Santos-Dumont is a small lunar impact crater that lies in the northern end of the Montes Apenninus range at the eastern edge of the Mare Imbrium
The aviator gives his name to the city of Santos Dumont, in the state of Minas Gerais, Brazil. In this municipality is located the Cabangu farm, where he was born. The Faculdades Santos Dumont is a group of private higher learning colleges in the same city.
The city of Dumont, in the state of São Paulo, near Ribeirão Preto is so named because it is located where it used to be one the largest coffee farms in the world, between 1870 and 1890. The farm was owned by Alberto Santos-Dumont’s father, a wealthy engineer of French descent. It was sold in 1896 to a British company, the Dumont Coffee Company.

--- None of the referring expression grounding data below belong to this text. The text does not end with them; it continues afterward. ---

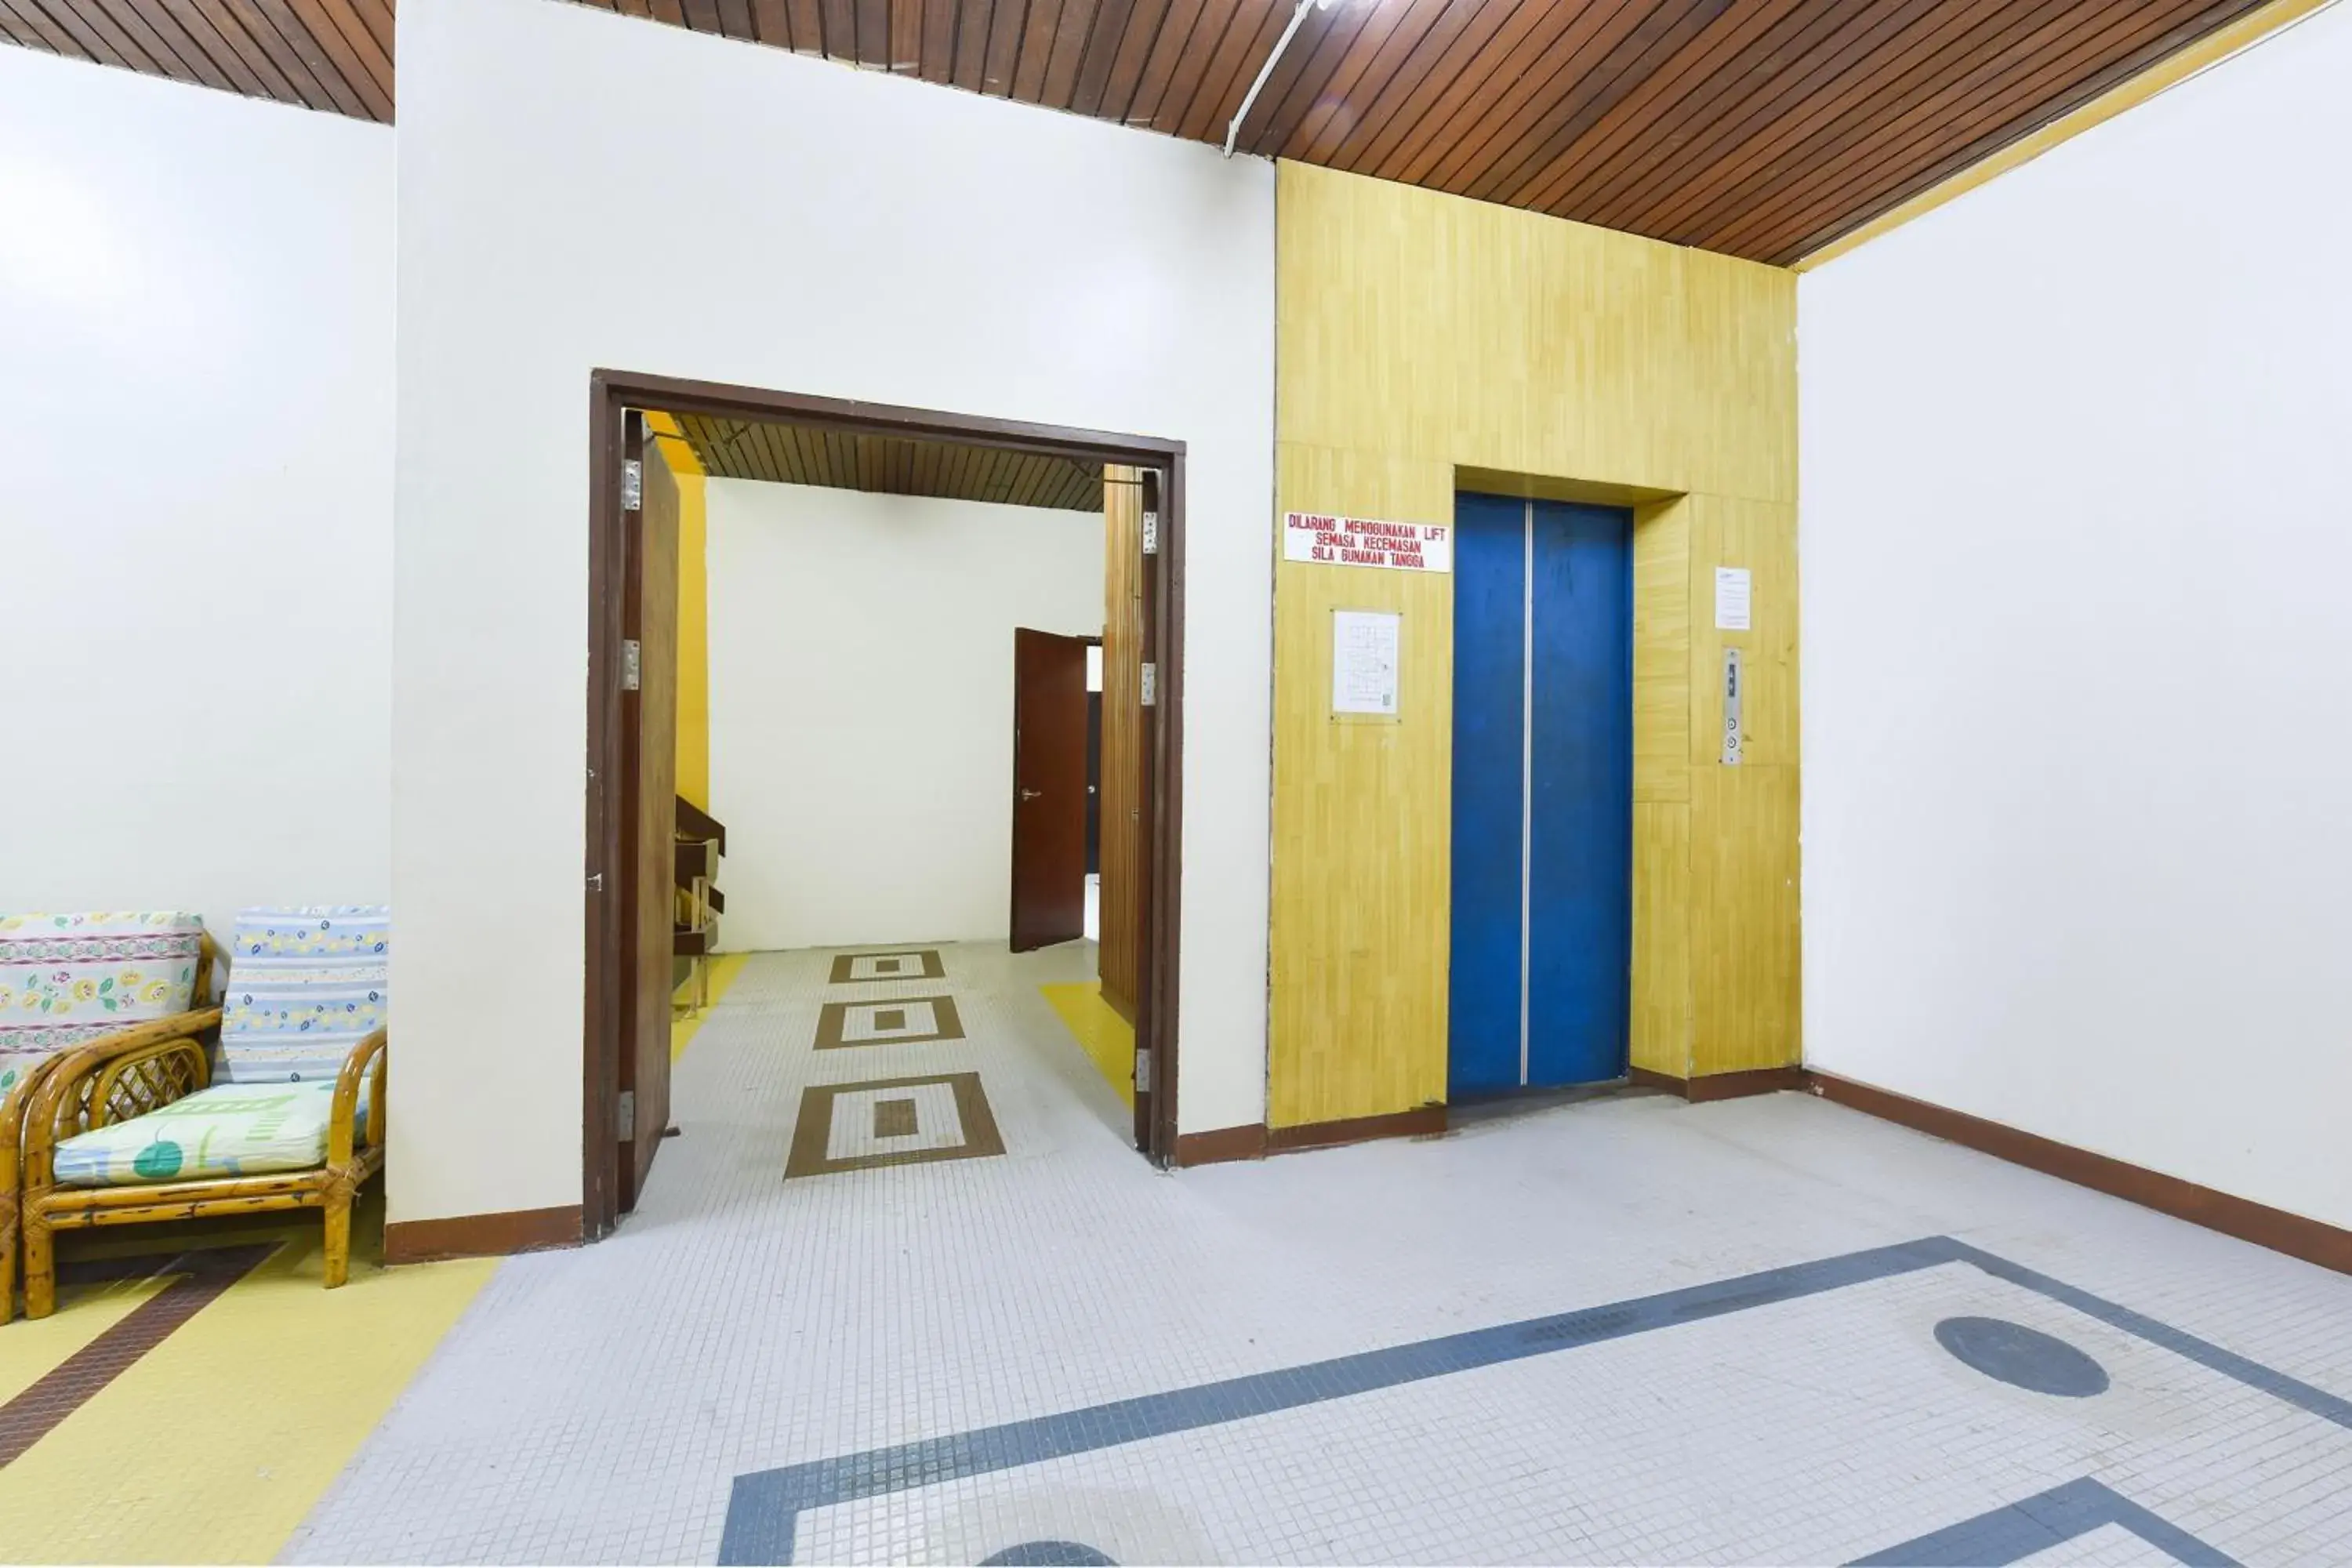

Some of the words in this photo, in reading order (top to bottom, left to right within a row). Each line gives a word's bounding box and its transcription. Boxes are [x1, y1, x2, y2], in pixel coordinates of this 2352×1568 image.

[1289, 514, 1336, 532] DILARANG
[1345, 519, 1415, 539] MENGGUNAKAN
[1425, 527, 1446, 541] LIFT
[1316, 532, 1356, 548] SEMASA
[1364, 536, 1421, 554] KECEMASAN
[1312, 546, 1334, 561] SILA
[1342, 549, 1385, 564] GUNAKAN
[1390, 552, 1425, 568] TANGGA

The airport for domestic flights of Rio de Janeiro is also named after him (Santos Dumont Regional Airport)
The Rodovia Santos Dumont is a highway in the state of São Paulo.
The Brazilian Air Force (Command of Aeronautics) concedes to important personalities in the world of aviation the Santos Dumont Medal of Merit. The state government of Minas Gerais has a similar medal.
Réseau Santos-Dumont is the name of a cooperative university network between France and Brazil, instituted by the French and Brazilian Ministries of Education in 1994, with 26 universities in each country.
The American Office of Naval Research of San Diego, California has named one of its research airships as the 600B Santos Dumont.
The Historic and Cultural Institute of Aeronautics of Brazil has instituted the Santos Dumont Annual Prize of Journalism to the best reports in the media about aeronautics.
Santos-Dumont serves as the inspiration and namesake for a small Coffee and Ice Cream Shop in Milford, New Hampshire.
Lycée Polyvalente Santos-Dumont is a lyceum in Saint-Cloud, France;
Tens of thousands of streets, avenues, plazas, schools, monuments, etc., are dedicated to the national hero in Brazil.